From: Matthew Wilcox <matthew@wil.cx>
Subject: Re: [PATCH v2 2/4] ext4: Add XIP functionality
Date: Tue, 10 Dec 2013 09:22:31 -0700
Message-ID: <20131210162231.GA11237@parisc-linux.org>
References: <1386273769-12828-1-git-send-email-ross.zwisler@linux.intel.com> <1386273769-12828-3-git-send-email-ross.zwisler@linux.intel.com> <20131206031354.GS10988@dastard> <1386558964.6872.14.camel@gala> <20131209081940.GW10988@dastard>
Mime-Version: 1.0
Content-Type: text/plain; charset=us-ascii
Cc: Ross Zwisler <ross.zwisler@linux.intel.com>,
	linux-ext4@vger.kernel.org, linux-fsdevel@vger.kernel.org,
	carsteno@de.ibm.com, matthew.r.wilcox@intel.com,
	andreas.dilger@intel.com
To: Dave Chinner <david@fromorbit.com>
Content-Disposition: inline
In-Reply-To: <20131209081940.GW10988@dastard>
Sender: linux-ext4-owner@vger.kernel.org

On Mon, Dec 09, 2013 at 07:19:40PM +1100, Dave Chinner wrote:
> Set up the generic XIP infrastructure in a way that allows the
> filesystem to set up post-IO callbacks at submission time and call
> them on IO completion.  We manage to do this for both buffered data
> IO and direct IO, and I don't see how XIP IO is any different from
> this perspective.
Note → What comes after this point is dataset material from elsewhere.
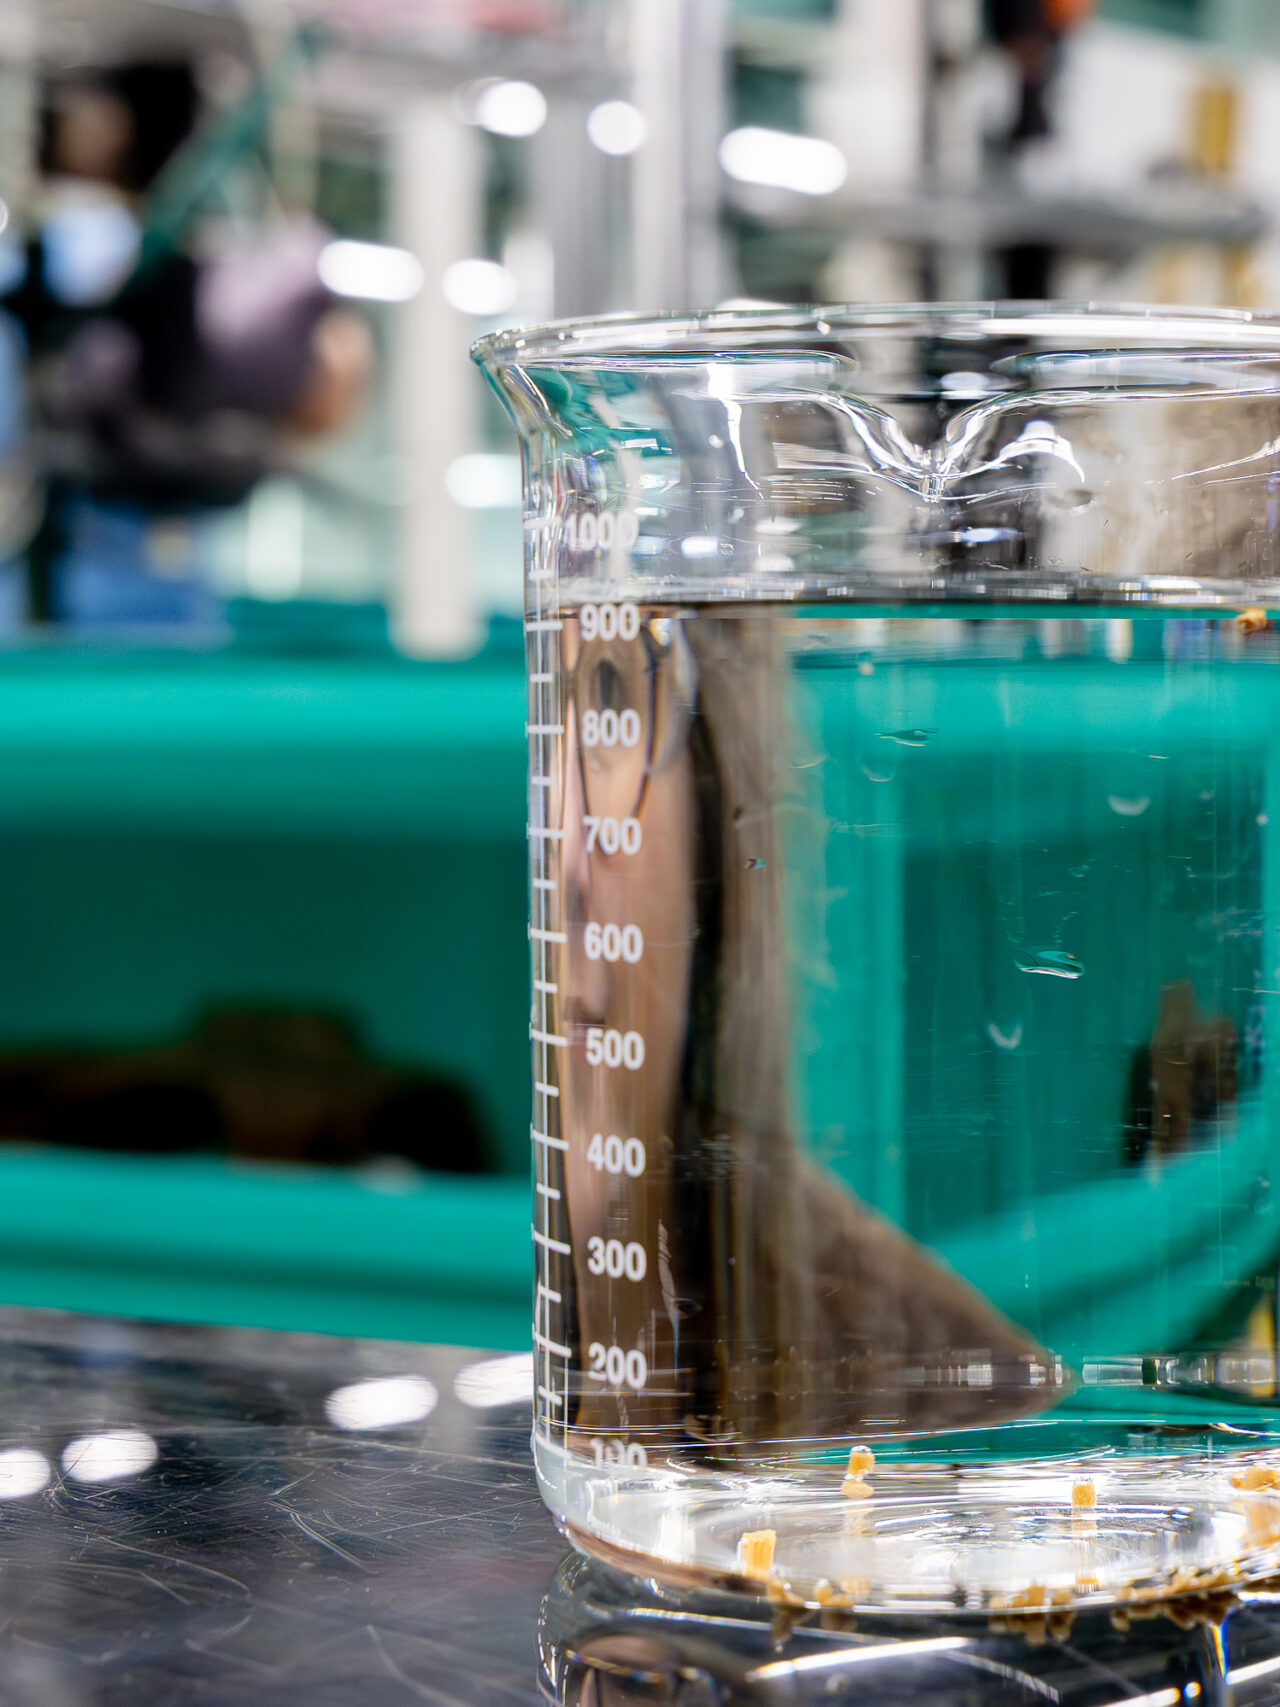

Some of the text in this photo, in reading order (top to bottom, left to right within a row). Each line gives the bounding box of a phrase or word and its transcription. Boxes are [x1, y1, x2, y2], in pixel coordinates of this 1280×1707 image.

XIP still costs time and latency to execute, and
> if we start to think about hardware offload of large memcpy()s (say
> like the SGI Altix machines could do years ago) asychronous
> processing in the XIP IO path is quite likely to be used in the
> near future.

While I agree there's nothing inherently synchronous about the XIP
path, I don't know that there's a real advantage to a hardware offload.
These days, memory controllers are in the CPUs, so the putative hardware
is also going to have to be in the CPU and it's going to have to bring
cachelines in from oe memory location and write them out to another
location.  Add in setup costs and it's going to have to be a pretty
damn large write() / read() to get any kind of advantage out of it.
I might try to con somebody into estimating where the break-even point
would be on a current CPU.  I bet it's large ... and if it's past 2GB,
we run into Linus' rule about not permitting I/Os larger than that.

I would bet our hardware people would just say something like "would
you like this hardware or two more completely generic cores?"  And I
know what the answer to that is.

> So, it's pretty clear to me that XIP needs to look like a normal IO
> path from a filesystem perspective - it's not necessarily
> synchronous, we need concurrent read and write support (i.e. the
> equivalent of current direct IO capabilities on XFS where we can
> already do millions of mixed read and write IOPS to the same file
> on a ram based block device), and so on. XIP doesn't fundamentally
> change the way filesystems work, and so we shoul dbe treating XIP in
> a similar fashion to how we treat buffered and direct IO.

I don't disagree with any of that.

> Indeed, the direct IO model is probably the best one to use here -
> it allows the filesystem to attach it's own private data structure
> to the kiocb, and it gets an IO completion callback with the kiocb,
> the offset and size of the IO, and we can pull the filesystem
> private data off the iocb and then pass it into existing normal IO
> completion paths.

Um, you're joking, right?  The direct IO model is pretty universally
hated.  It's ridiculously complex.  Maybe you meant "this aspect" of
direct IO, but I would never point anybody at the direct IO path as an
example of good programming practice.

> > For writes, I think that we need to potentially split the unwritten
> > extent in to up to three extents (two unwritten, one written), in the
> > spirit of the ext4_split_unwritten_extents().
> 
> You don't need to touch anything that deep in ext4 to make this
> work. What you need to do is make the XIP infrastructure allow ext4
> to track it's own IO (as it already does for direct IO and call
> ext4_put_io_end() appropriately on IO completion. XFS will use
> exactly the same mechanism, so will btrfs and every other filesystem
> we might want to add support for XIP to...
> 
> > For reads, I think we will probably have to zero the extent, mark it as
> > written, and then return the data normally.
> 
> Right now we have a "buffer_unwritten(bh)" flag that makes all the
> code treat it like a hole. You don't need to convert it to written
> until someone actually writes to it - all you need to do is
> guarantee reads return zero for that page. IOWs, for users of
> read(2) system calls, you can just zero their pages if the
> underlying region spans a hole or unwritten extent.
> 
> Again, this is infrastructure we already have in the page cache - we
> should not be using a different mechanism for XIP.

The XIP code already handles holes just fine.  Reads call __clear_user()
if it finds a hole.  Mmap load faults do some bizarre stuff to map in
a zero page that I think needs fixing, but that'll be the subject of a
future fight.

I don't actually understand what the problem is here.  ext4_get_xip_mem()
calls ext4_get_block() with the 'create' flag set or clear, depending
if it needs the page to be instantiated, or it can live with the hole.
It seems that ext4_get_xip_mem() needs to check BH_Unwritten, but other
than that things should be working the way you seem to want them to.

-- 
Matthew Wilcox				Intel Open Source Technology Centre
"Bill, look, we understand that you're interested in selling us this
operating system, but compare it to ours.  We can't possibly take such
a retrograde step."